Recorded data:
[Start of Attachment]

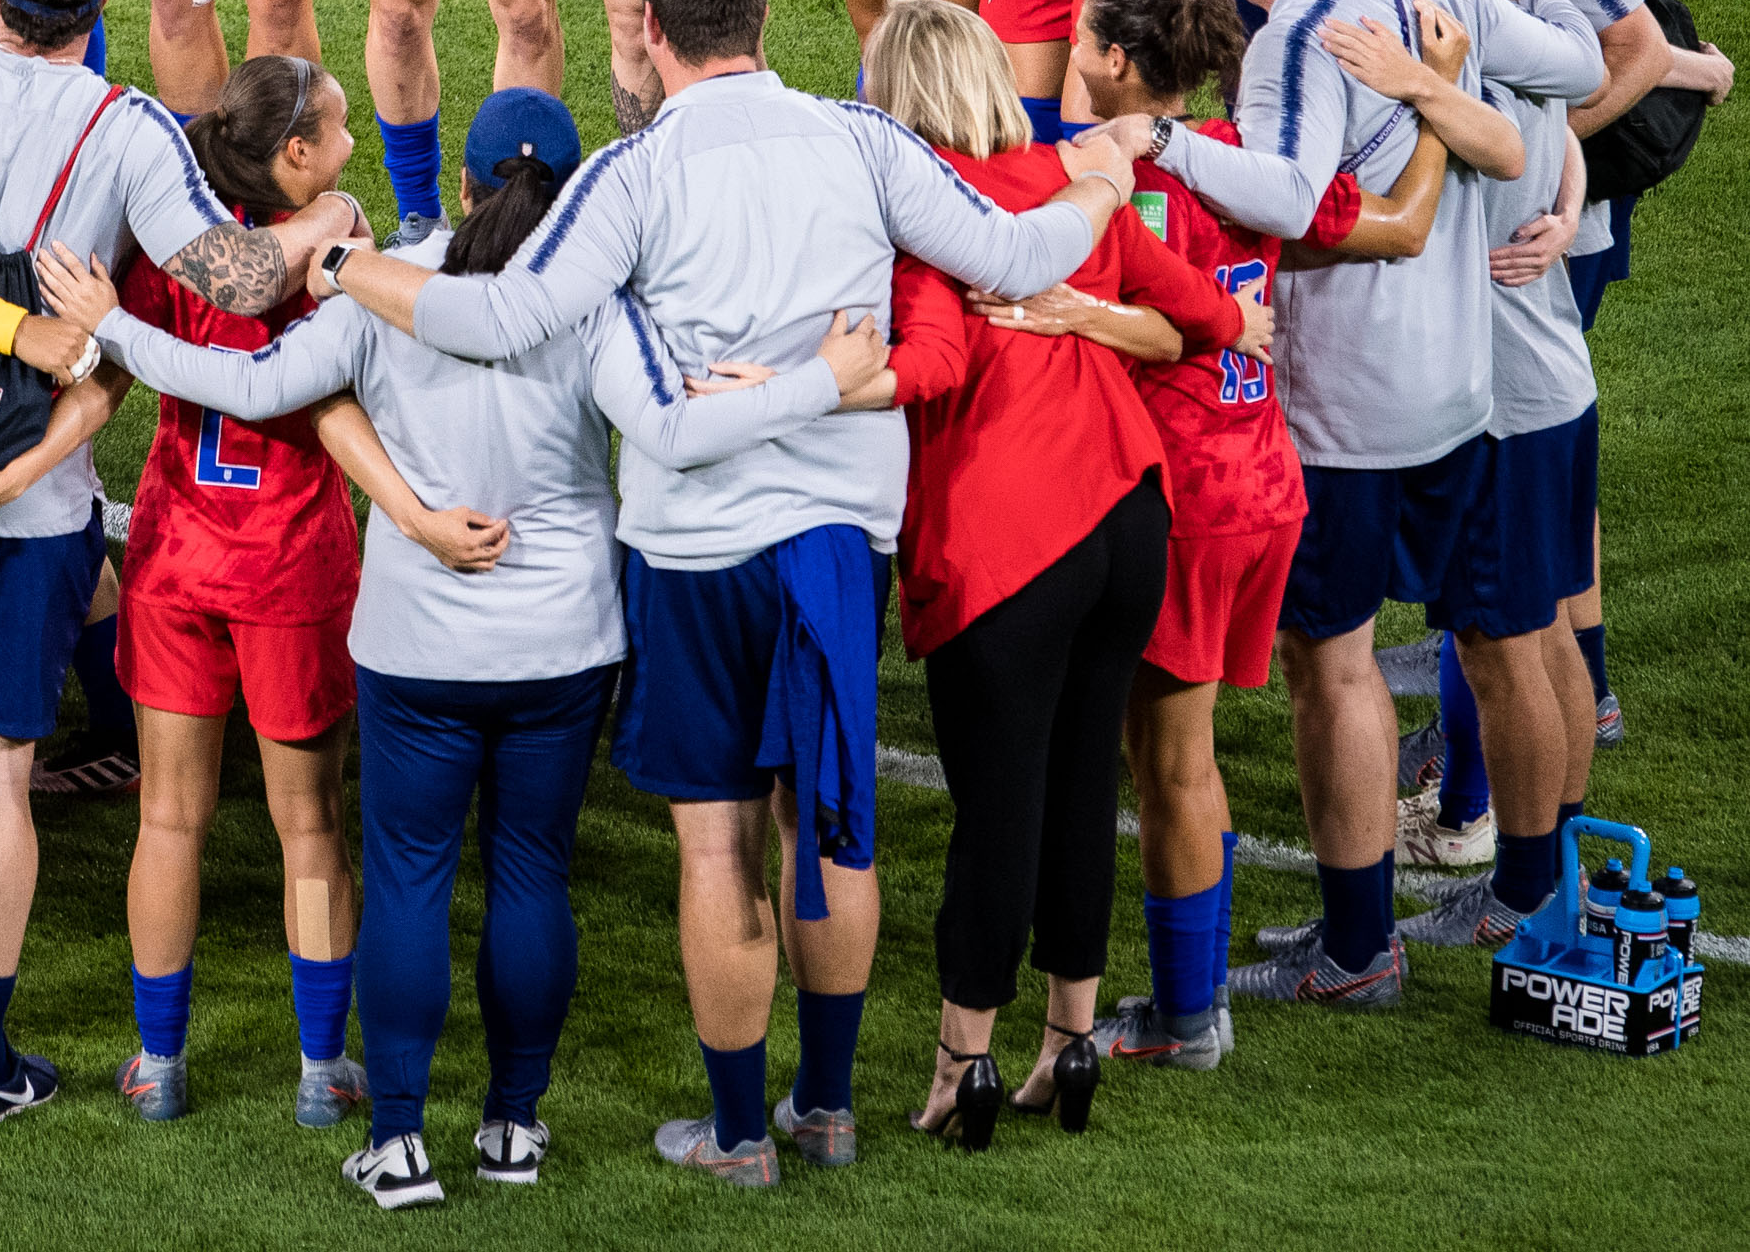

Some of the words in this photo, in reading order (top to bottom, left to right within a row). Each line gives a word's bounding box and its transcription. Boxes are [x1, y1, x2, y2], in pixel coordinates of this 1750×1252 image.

[1502, 967, 1630, 1018] POWER
[1513, 1020, 1557, 1038] OFFICIAL
[1559, 1029, 1597, 1047] SPORTS
[1598, 1039, 1628, 1053] DRINK
[1552, 1003, 1626, 1042] ADE

[End of Attachment]

*What this task involves:* Output the records above exactly as they are, leaving out the pictures.

*Exercise output:*
Some of the words in this photo, in reading order (top to bottom, left to right within a row). Each line gives a word's bounding box and its transcription. Boxes are [x1, y1, x2, y2], in pixel coordinates of this 1750×1252 image.

[1502, 967, 1630, 1018] POWER
[1513, 1020, 1557, 1038] OFFICIAL
[1559, 1029, 1597, 1047] SPORTS
[1598, 1039, 1628, 1053] DRINK
[1552, 1003, 1626, 1042] ADE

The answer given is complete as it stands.